***** LISTED RECORDS *****

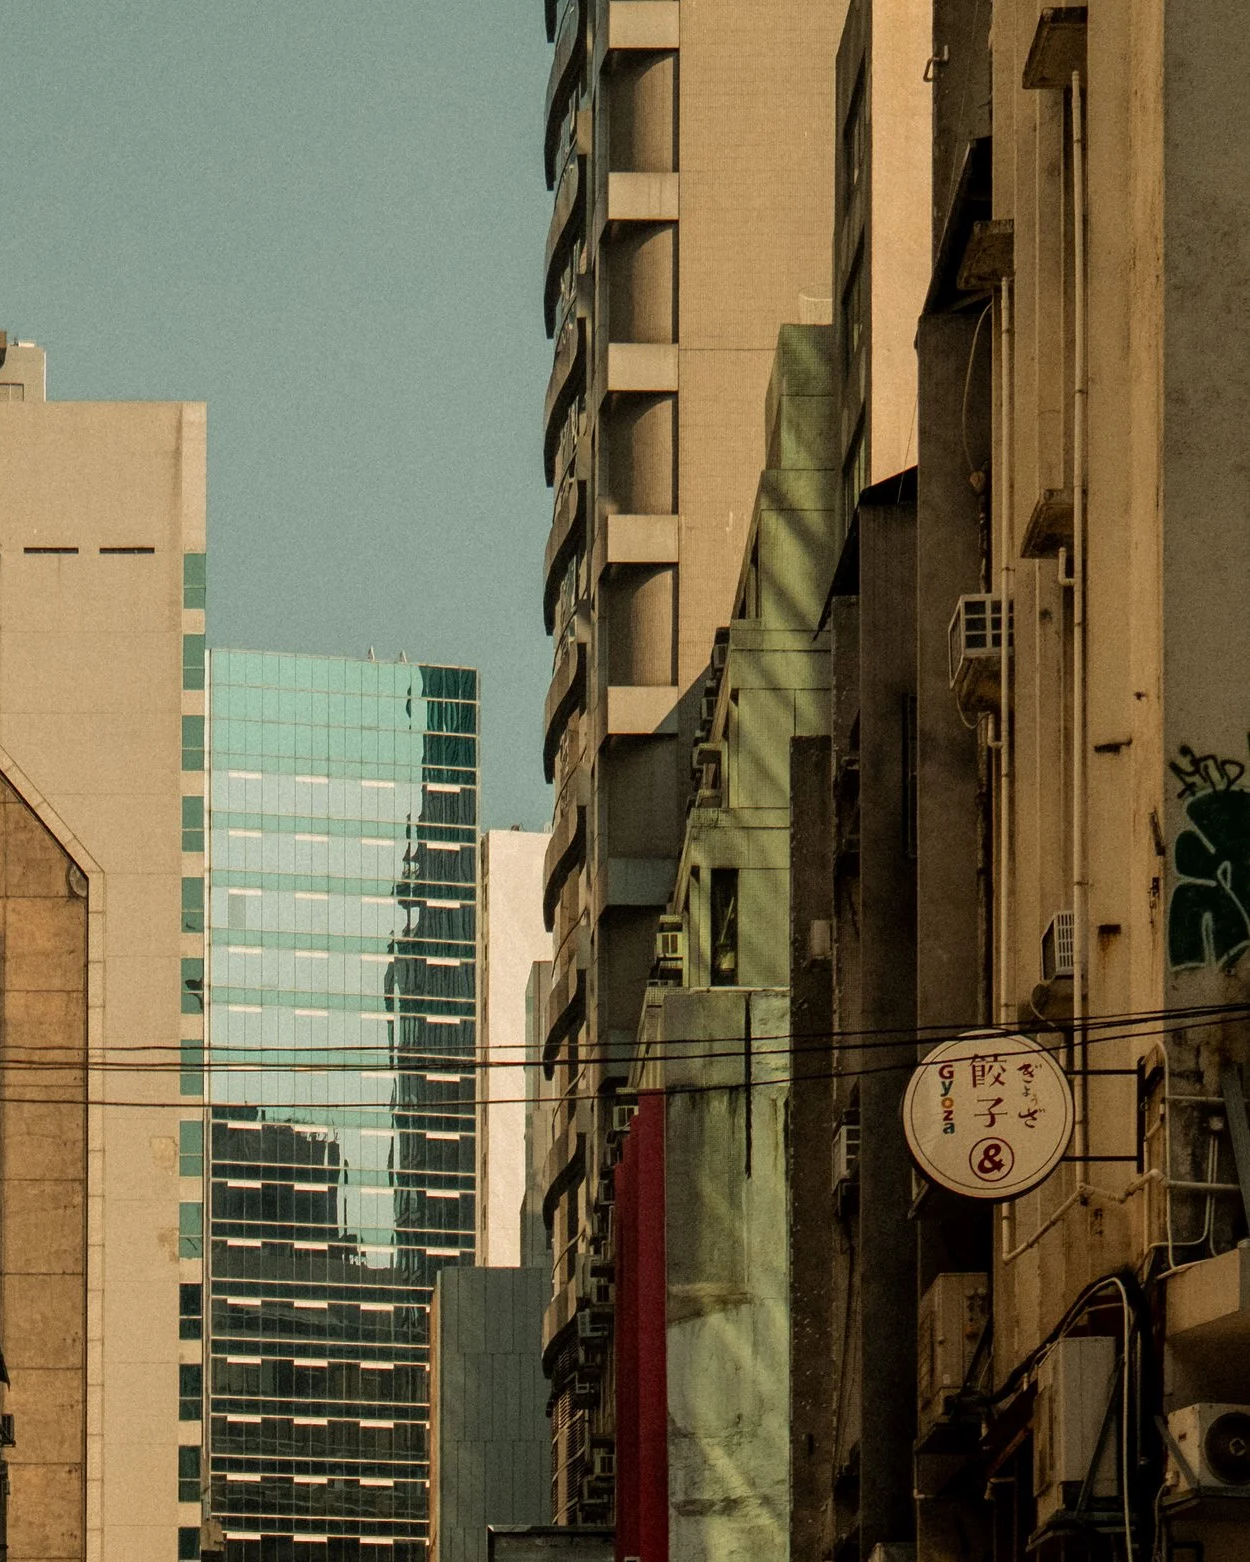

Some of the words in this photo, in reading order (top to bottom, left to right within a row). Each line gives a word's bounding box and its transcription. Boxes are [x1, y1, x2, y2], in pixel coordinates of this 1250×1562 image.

[938, 1064, 956, 1134] Gyoza
[969, 1054, 1008, 1128] 餃子
[1017, 1062, 1046, 1129] ぎょうざ
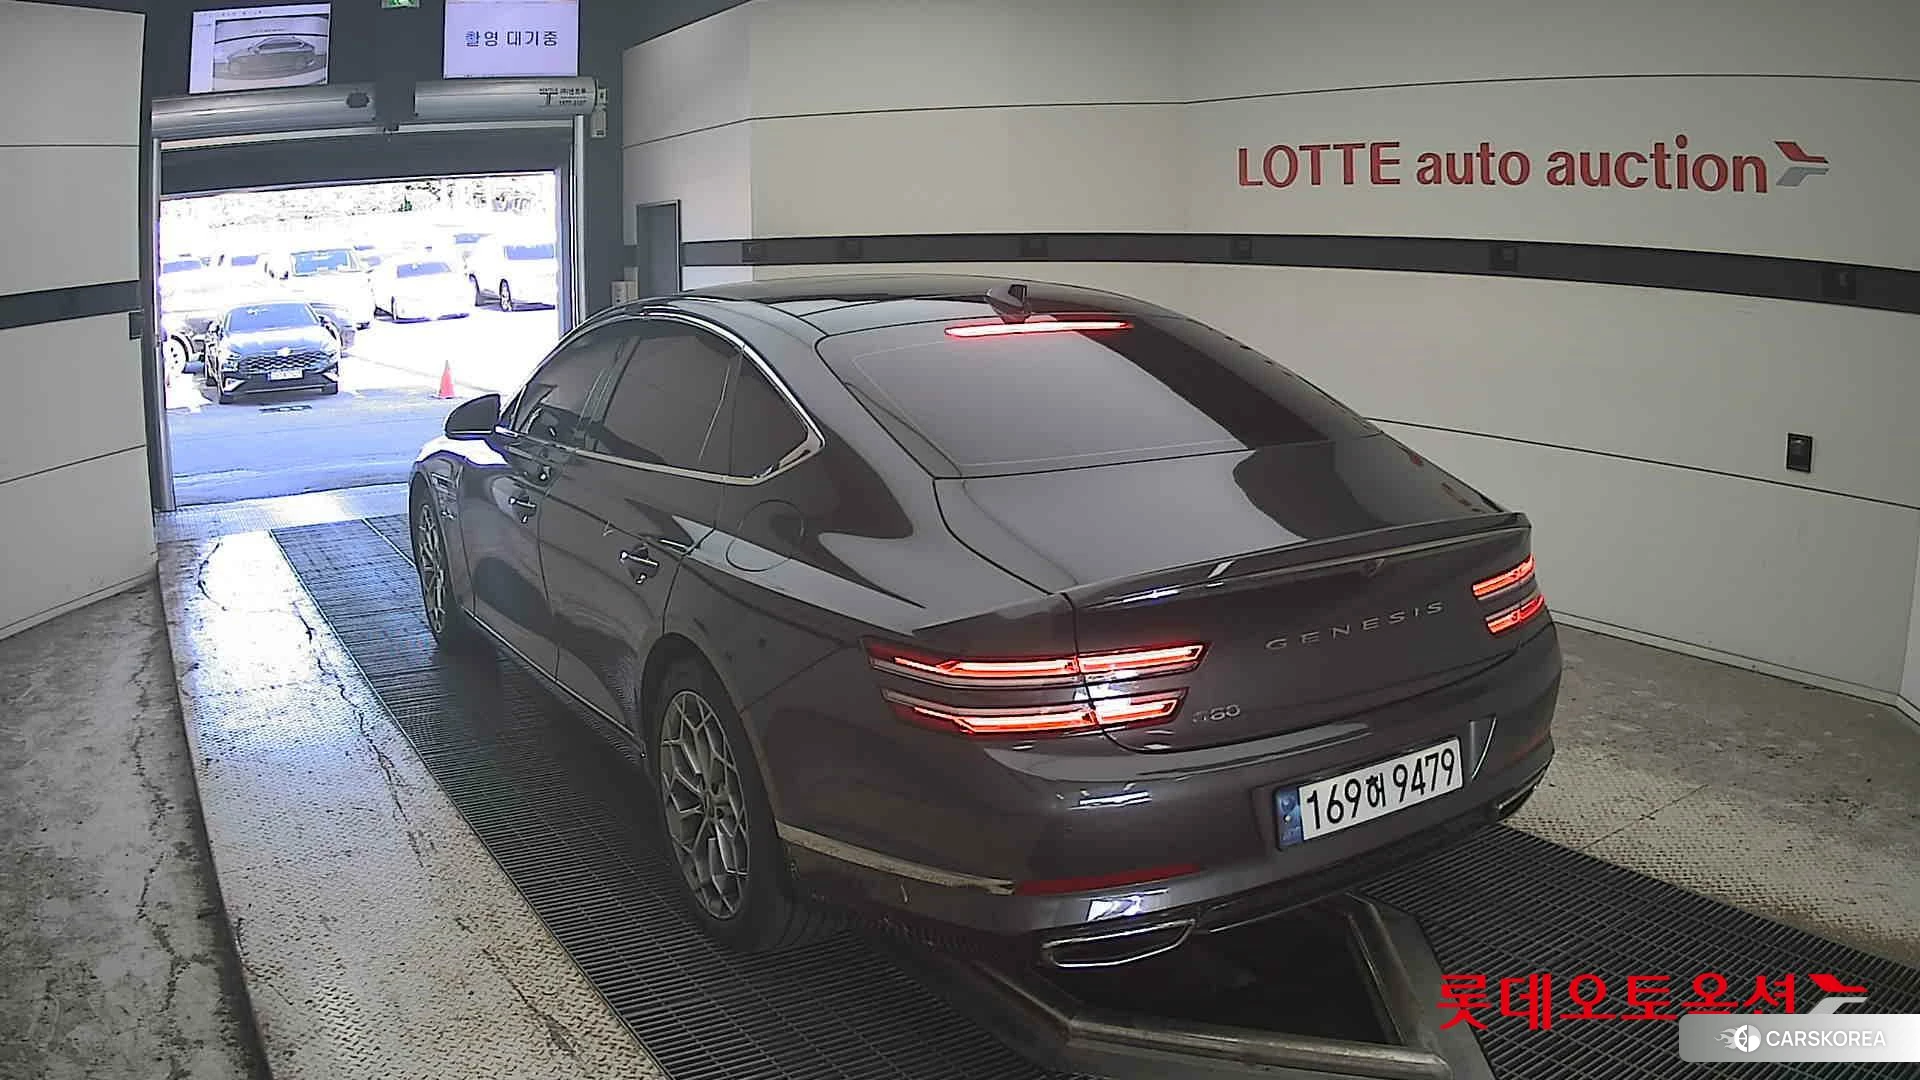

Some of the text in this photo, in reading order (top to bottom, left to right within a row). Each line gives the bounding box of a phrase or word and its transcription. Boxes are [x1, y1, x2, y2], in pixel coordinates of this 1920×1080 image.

[506, 30, 558, 47] 대기중
[1238, 134, 1768, 193] LOTTE auto auction
[1264, 601, 1444, 650] GENESIS
[1306, 748, 1455, 830] 169허 9479
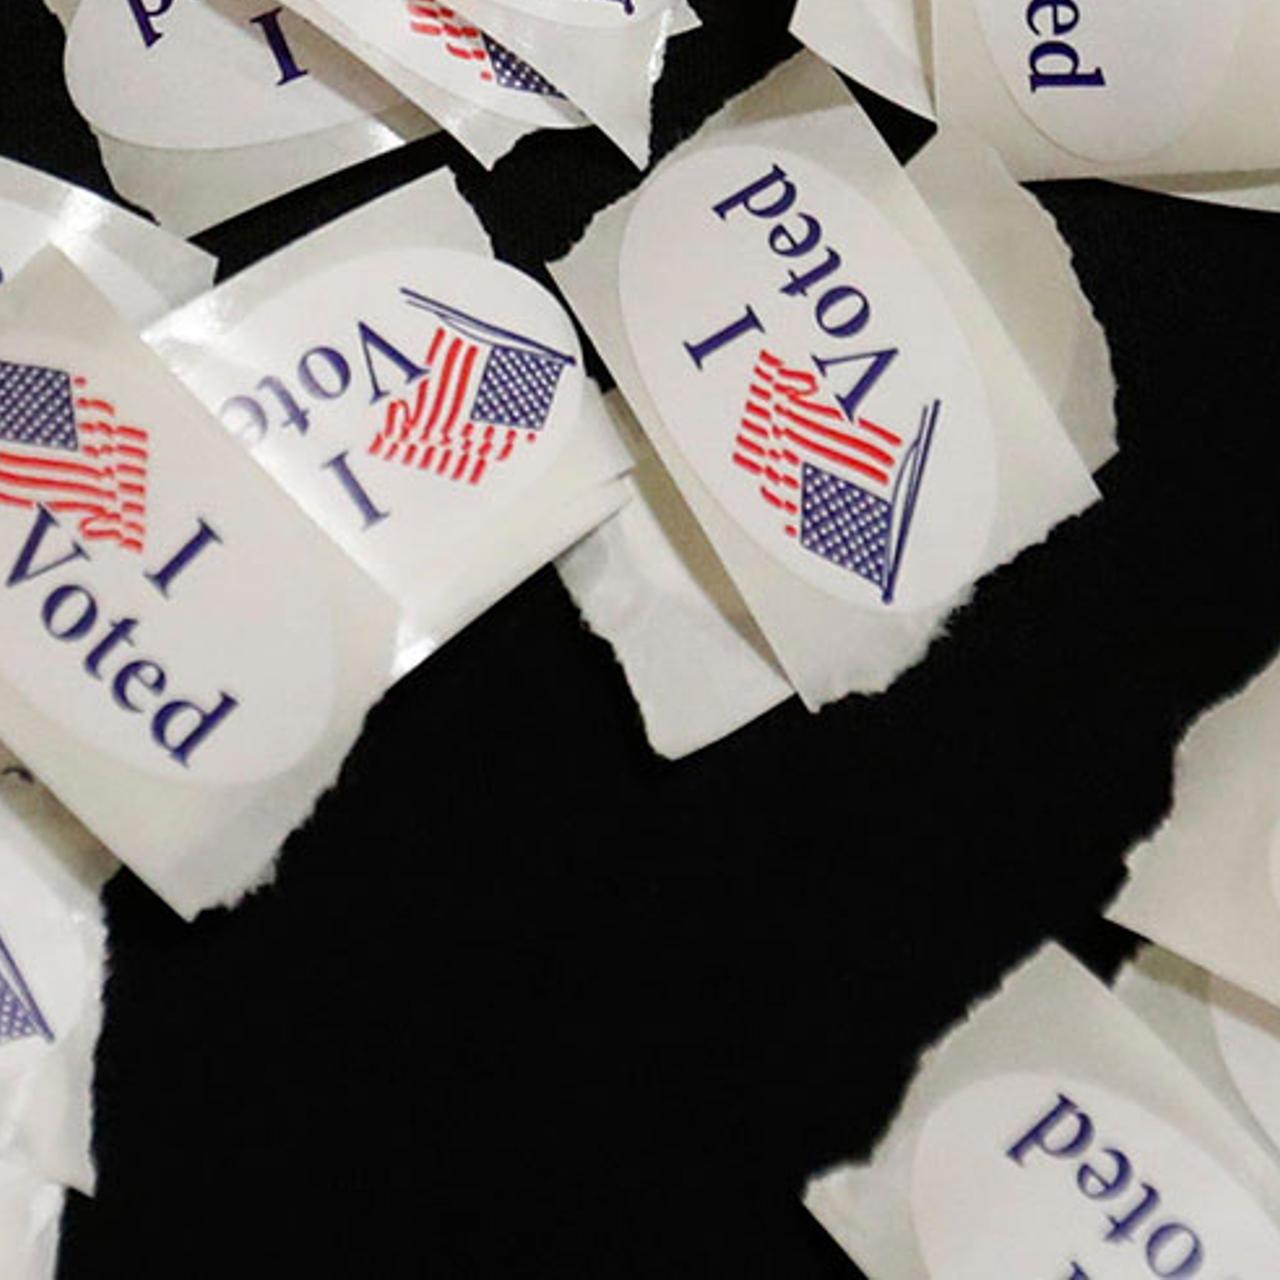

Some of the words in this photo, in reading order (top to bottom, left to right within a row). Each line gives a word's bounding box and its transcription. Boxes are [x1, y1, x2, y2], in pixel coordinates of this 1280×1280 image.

[249, 6, 310, 88] I
[711, 163, 900, 422] Voted
[682, 303, 766, 372] I
[320, 449, 391, 533] I
[142, 516, 226, 602] I
[4, 500, 240, 769] Voted

*****

• TASK REQUIREMENTS
What is needed here is each line above set down word for word, minus the images.

• RESPONSE AREA
Some of the words in this photo, in reading order (top to bottom, left to right within a row). Each line gives a word's bounding box and its transcription. Boxes are [x1, y1, x2, y2], in pixel coordinates of this 1250×1562 image.

[938, 1064, 956, 1134] Gyoza
[969, 1054, 1008, 1128] 餃子
[1017, 1062, 1046, 1129] ぎょうざ

Some of the text in this photo, in reading order (top to bottom, left to right within a row). Each line gives the bounding box of a phrase or word and its transcription. Boxes are [x1, y1, x2, y2], in pixel coordinates of this 1920×1080 image.

[506, 30, 558, 47] 대기중
[1238, 134, 1768, 193] LOTTE auto auction
[1264, 601, 1444, 650] GENESIS
[1306, 748, 1455, 830] 169허 9479

Some of the words in this photo, in reading order (top to bottom, left to right within a row). Each line gives a word's bounding box and its transcription. Boxes are [x1, y1, x2, y2], in pixel coordinates of this 1280×1280 image.

[249, 6, 310, 88] I
[711, 163, 900, 422] Voted
[682, 303, 766, 372] I
[320, 449, 391, 533] I
[142, 516, 226, 602] I
[4, 500, 240, 769] Voted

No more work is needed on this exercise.